Looking into the DRF source code I found my problem: DRF always validates your field using its code before validating with your custom code.
''' rest-framework/serializers.py '''
for field in fields:
validate_method = getattr(self, 'validate_' + field.field_name, None)
primitive_value = field.get_value(data)
try:
# DRF validation always runs first!
# If DRF validator throws, then custom validation is not called
validated_value = field.run_validation(primitive_value)
if validate_method is not None:
# this is your custom validation
validated_value = validate_method(validated_value)
except ValidationError as exc:
errors[field.field_name] = exc.detail
except DjangoValidationError as exc:
errors[field.field_name] = get_error_detail(exc)
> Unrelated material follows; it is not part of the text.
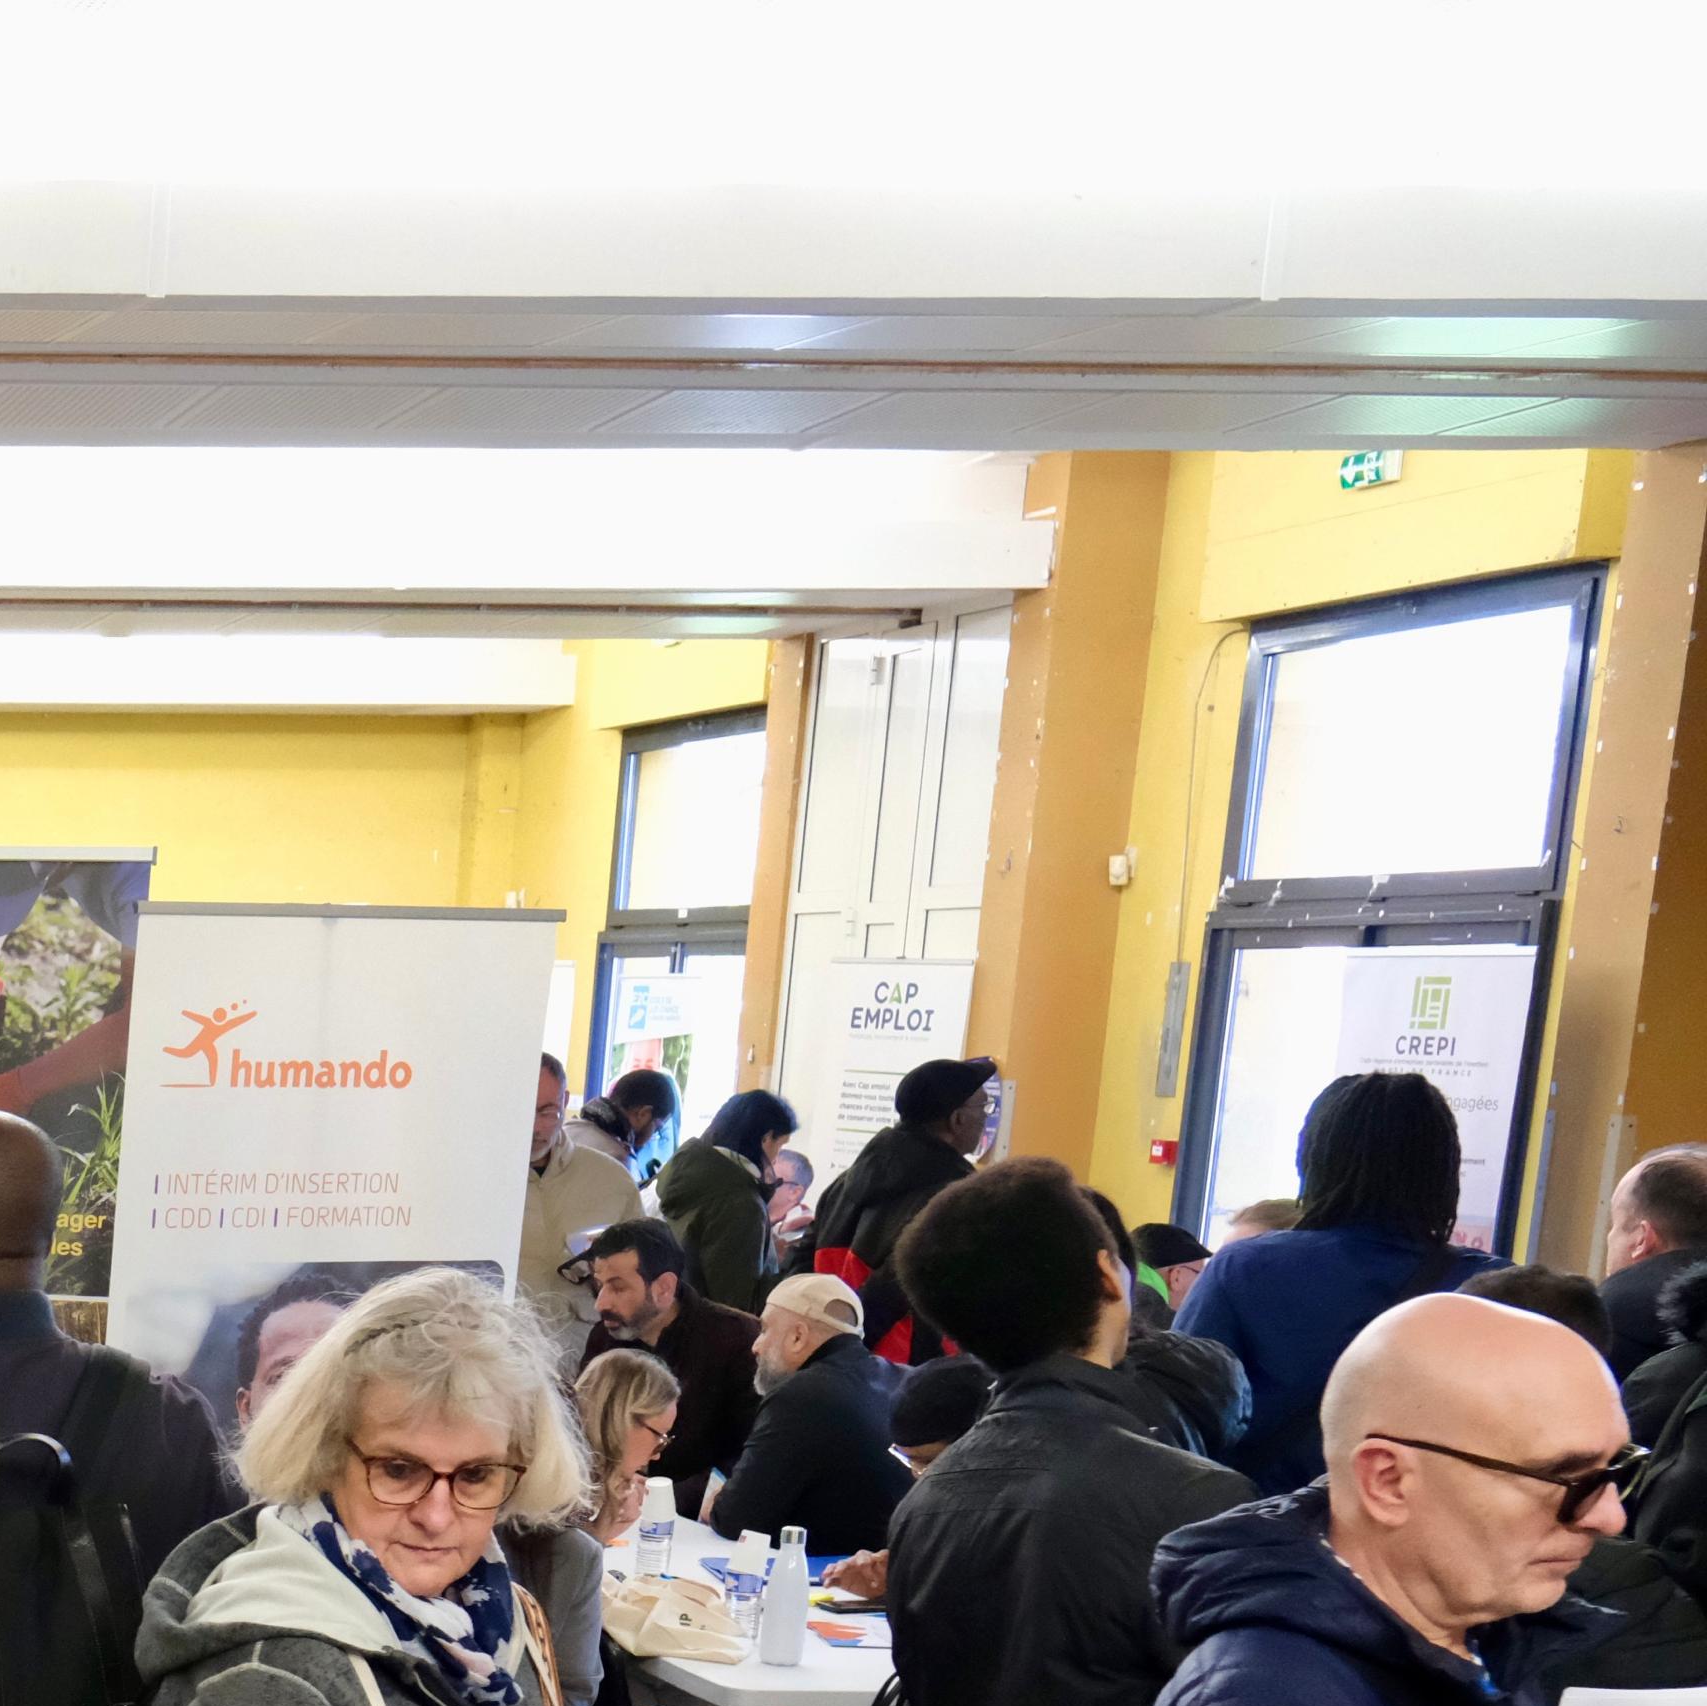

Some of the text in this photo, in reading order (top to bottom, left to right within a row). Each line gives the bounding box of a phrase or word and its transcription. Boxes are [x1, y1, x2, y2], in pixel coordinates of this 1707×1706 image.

Answer: Custom validators cannot be used to bypass DRF's validators, as they will always run first and will raise an exception before you can say it is valid.
(for those interested, the validation error I hit was like this: ModelSerializer used for ModelA, which has a OneToOne relation to ModelB. ModelB has a UUID for its pk. DRF throws the error '53abb068-0286-411e-8729-0174635c5d81' is not a valid UUID.
when validating, which is incorrect, and really infuriating.)